Die Schwäche des Buches liegt darin, dass die Gesprächspartner unter „anthropology“ ausschließlich die US-amerikanische Ethnologie verstehen. Andere Traditionen werden nicht thematisiert, wirkmächtige erkenntniskritische Diskussionen um die „World Anthropologies“, insbesondere Ethnologien der „Dritten Welt“ bleiben ungenannt.1 Dass ferner die Bedeutung ihrer Kritik, die aus ihren für die Ethnologie ungewöhnlichen Forschungen folgt, für die konventionelle Forschung weder in den Gesprächen noch in den rahmenden Kapiteln explizit diskutiert wurde, schwächt deren Relevanz unnötig ab. Denn die Stärke des Buchs liegt darin, dass die Beteiligten radikale, unbequeme Neubestimmungen einer zeitbewussten Ethnologie leisten und sich um eine höhere Adäquatheit der empirischen Erforschung sozialer Prozesse im frühen 21. Jahrhundert bemühen. Dies begründet die hohe Relevanz ihrer Kritik für jedwede gegenwärtige Ethnologie, auch wenn „postmoderne“ reflexive Ethnologie in weiten Teilen des deutschsprachigen Fachestablishments schlecht gelitten ist.

Das Buch beginnt mit fachgeschichtlich interessanten Erörterungen des staatlich-privaten Förderungsbooms der Ethnologie von etwa 1940 bis 1975. Rabinow und Marcus berichten anschaulich von ihrer Unzufriedenheit mit der etablierten Arbeitstradition Ende der 1960er Jahre, da sie keine in der Öffentlichkeit aktuellen Problematiken wie die Machtfrage, Gewaltformen oder globale Prozesse adressierte.
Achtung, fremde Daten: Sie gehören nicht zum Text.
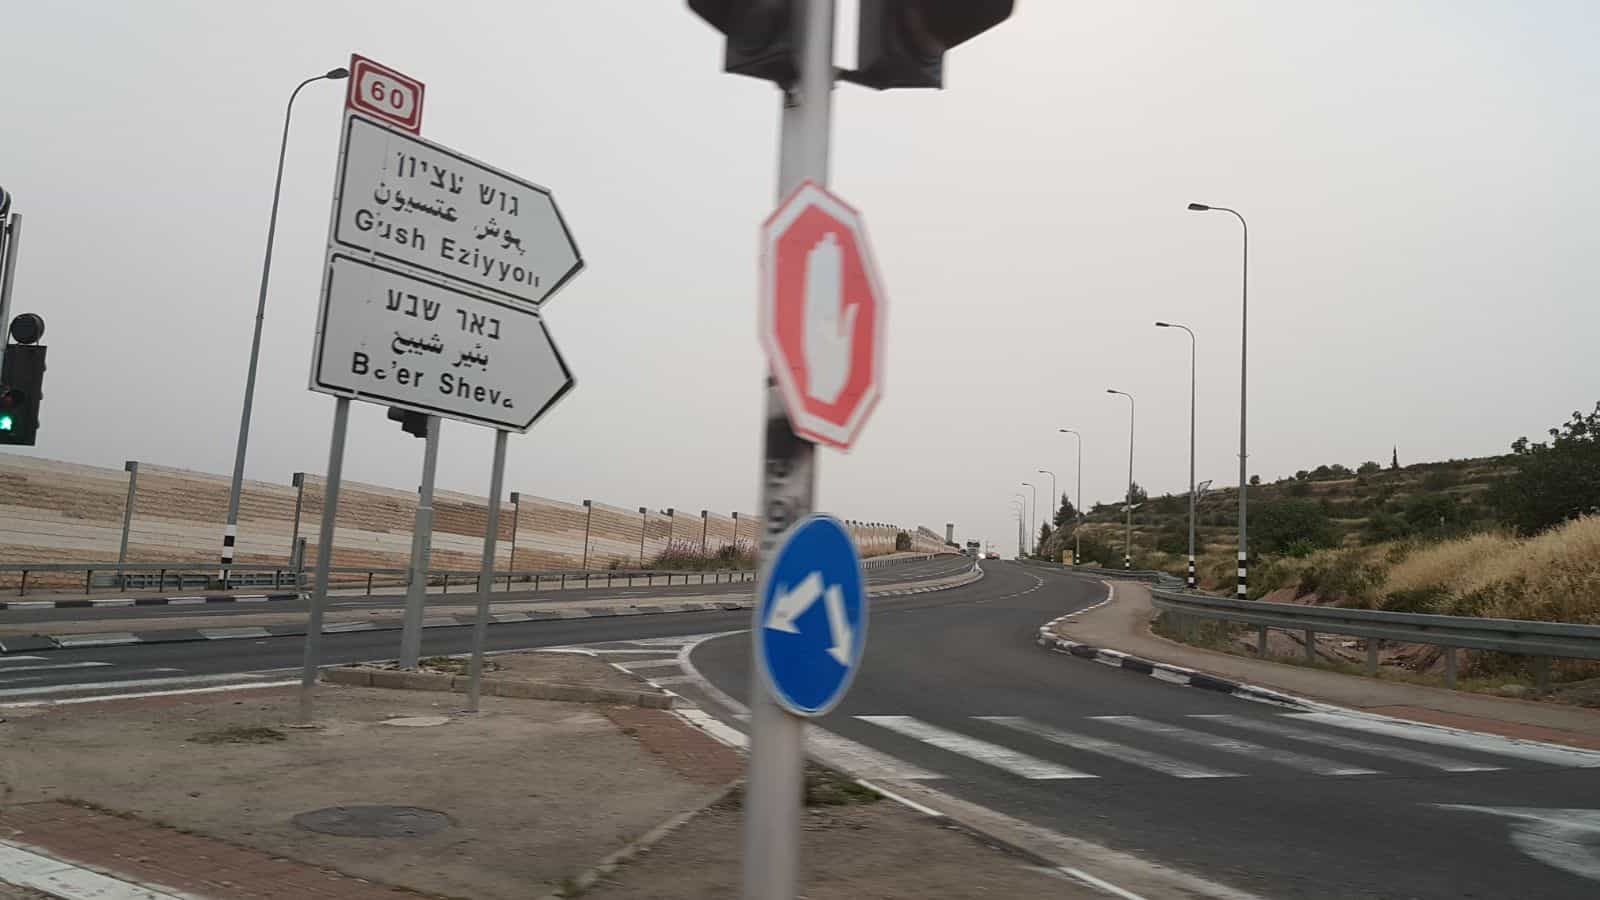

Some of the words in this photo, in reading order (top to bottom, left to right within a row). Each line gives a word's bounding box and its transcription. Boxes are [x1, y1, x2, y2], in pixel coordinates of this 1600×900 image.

[370, 80, 404, 110] 60
[479, 183, 519, 217] גוש
[386, 289, 441, 321] שבע
[456, 308, 500, 340] באר
Im Dialog über Writing Culture gestatten Rabinow und Marcus als zentrale Protagonisten wunderbare Einblicke in den damaligen Kontext. Sie fassen den um 1980 einsetzenden, bis heute anhaltenden experimentellen Moment in der Ethnologie zusammen, der sich den unter anderem von Clifford Geertz in Gang gesetzten innovativen interdisziplinären Anleihen verdanke, was zur thematischen Ausdifferenzierung sondergleichen geführt habe (S. 14ff., 31f.).

Interessant ist Marcus’ Kritik, dass Fachfremde wegen ihrer „still stereotypic receptions“ (S. 32) glaubten, Ethnologie betreibe weiterhin die traditionelle Erforschung exotischer Anderer (S. 16, 31). An dieser Erwartungshaltung erkennt er das heutige Dilemma des Faches: Die klassischen „aesthetics and ethos of practice“ der Ethnologie seien intakt geblieben, obwohl mehrere EthnologInnen längst mit fachfremden Diskursen und zu neuen Themen arbeiteten (S. 22). Dadurch sei das aktuelle Problem entstanden, dass die Fachtradition deren Arbeit identitäts- und sprachlos lasse (S. 6, 24f., 31f., 43, 46, 62); diese „andere“ Ethnologie sei aber auch „invisible“, weil konventionell arbeitende EthnologInnen sie nicht wahrnehmen wollten (S. 43).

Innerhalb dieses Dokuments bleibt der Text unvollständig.